Fisher dit, en jouant l’avocat du diable : « Le Soleil est joliment loin, tu sais. L’effet gravitationnel devrait être proche de zéro.
— C’est vrai, mais proche de zéro, ce n’est pas zéro. Deux fois nous avons traversé l’hyper-espace, et notre chemin virtuel s’est d’abord rapproché obliquement du Soleil, puis s’en est éloigné selon un autre angle. Wu avait effectué les calculs avant et le chemin que nous avons suivi correspondait à ces calculs, à quelques décimales près. Cet homme est un génie. Il glisse des raccourcis pas croyables dans le programme d’ordinateur.
— Je n’en doute pas, murmura Fisher.
— Aussi, plus besoin de se poser de questions, Crile. Demain, nous serons en vue de l’Étoile voisine. Nous pourrions même y arriver aujourd’hui … si nous étions vraiment pressés. Pas très près, bien sûr. Nous serons peut-être obligés de courir sur notre lancée pendant un temps raisonnable, par mesure de précaution. Nous ne connaissons pas la masse de l’Étoile voisine avec suffisamment de précision pour tenter une approche plus serrée. Nous n’avons pas envie d’être violemment repoussés et obligés de revenir. » Elle secoua la tête avec admiration. « Ce Wu. Je suis si contente de lui que je ne trouve même pas les mots pour le dire.
— Tu es sûre que cela ne t’ennuie pas un peu ?

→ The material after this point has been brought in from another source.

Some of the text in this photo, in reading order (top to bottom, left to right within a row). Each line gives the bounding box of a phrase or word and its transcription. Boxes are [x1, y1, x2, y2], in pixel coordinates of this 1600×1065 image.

— M’ennuyer ? Pourquoi ? » Elle regarda Fisher, l’air surpris, puis ajouta. « Tu crois que je devrais être jalouse ?
— Eh bien, je ne sais pas. Y a-t-il une chance pour que Chao-Li obtienne tout l’honneur de notre vol supraluminique et que l’on t’oublie, ou que l’on te considère seulement comme un précurseur ?

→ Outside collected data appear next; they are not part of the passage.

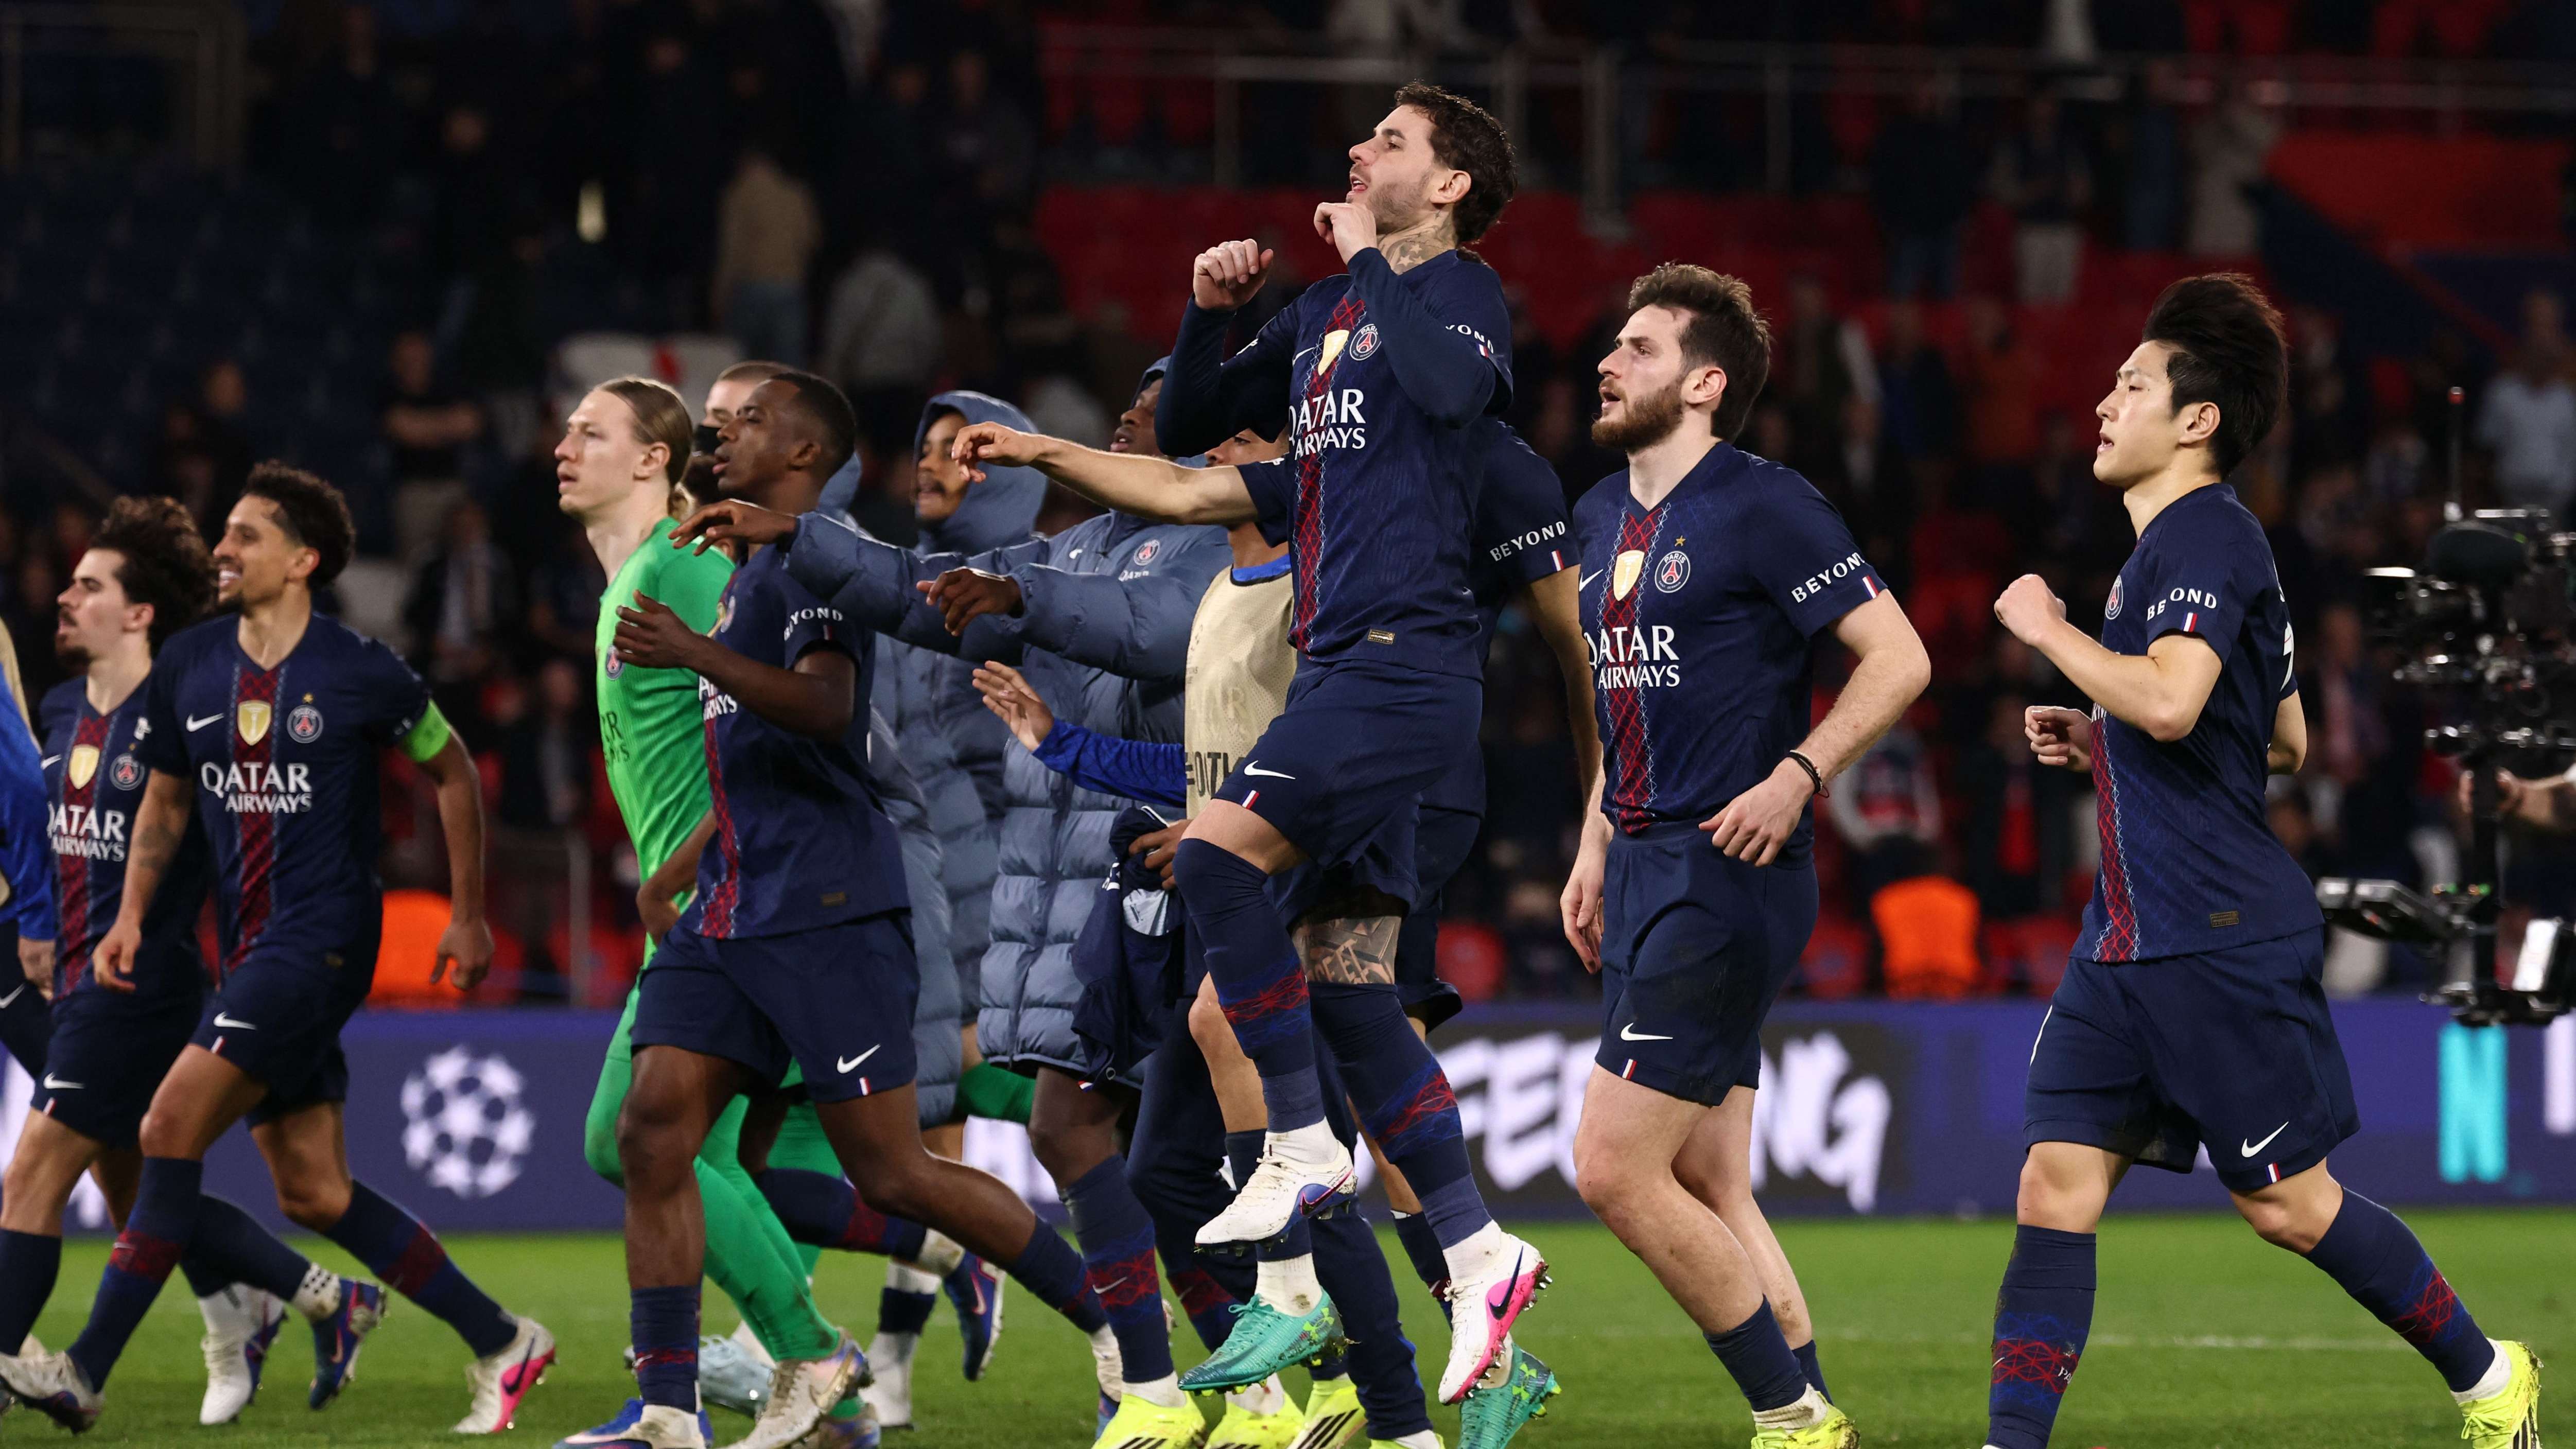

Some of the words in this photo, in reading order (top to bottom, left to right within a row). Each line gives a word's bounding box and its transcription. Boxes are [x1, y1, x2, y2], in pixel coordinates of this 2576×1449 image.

[1489, 521, 1566, 562] BEYOND
[1664, 553, 1686, 564] PARIS
[2147, 588, 2217, 621] BEOND
[1598, 665, 1681, 690] AIRWAYS
[200, 761, 313, 798] QATAR
[225, 793, 313, 814] AIRWAYS
[51, 835, 125, 862] AIRWAYS

— Non, Crile, absolument pas. C’est gentil à toi de t’inquiéter à mon sujet, mais mon travail est enregistré dans les moindres détails. C’est moi qui aie élaboré les mathématiques de base du vol supraluminique. J’ai aussi contribué aux détails d’ingénierie, bien que l’honneur d’avoir dessiné le vaisseau revienne à d’autres que moi. Tout ce que Wu a fait, c’est d’ajouter un facteur de correction aux équations de base. C’est très important, bien entendu, et nous voyons maintenant que le vol supraluminique ne serait pas praticable sans lui, mais c’est comme la garniture d’un gâteau. Le gâteau est encore le mien.
— Bien. Si c’est comme cela, j’en suis heureux.
— En réalité, Crile, j’espère que Wu va prendre la direction du développement du vol supraluminique. Mes meilleures années sont derrière moi, scientifiquement parlant. Seulement scientifiquement, Crile.
— Je le sais, répondit Fisher en souriant.
— Mais scientifiquement, je me fais vieille. Mon œuvre repose sur l’exploitation des concepts que j’ai acquis en préparant ma thèse. J’ai mis vingt-cinq ans à en tirer les conclusions et je suis allée aussi loin que je le pouvais. Ce qu’il nous faut maintenant, ce sont des concepts flambant neufs qui vont bifurquer vers des territoires inexplorés. Je ne peux plus faire cela.
— Allons, Tessa, ne te sous-estime pas.
— Cela n’a jamais été l’un de mes défauts, Crile. Pour de nouvelles pensées, on a besoin de jeunes. Ils n’ont pas seulement un cerveau jeune, mais aussi un cerveau nouveau. Wu a un génome qui n’est jamais apparu dans l’humanité avant lui. Il a aussi connu des expériences qui sont essentiellement les siennes … pas celles de quelqu’un d’autre. Il peut avoir des pensées nouvelles. Bien sûr, il les fonde sur ce que j’ai fait avant lui, et il doit beaucoup à mon enseignement. C’est un de mes étudiants, Crile, l’enfant de mon intellect. Tout ce qu’il fait de bien rejaillit sur moi. Moi, jalouse de lui ? Je suis fière de lui. Qu’est-ce qu’il y a, Crile, tu n’as pas l’air heureux.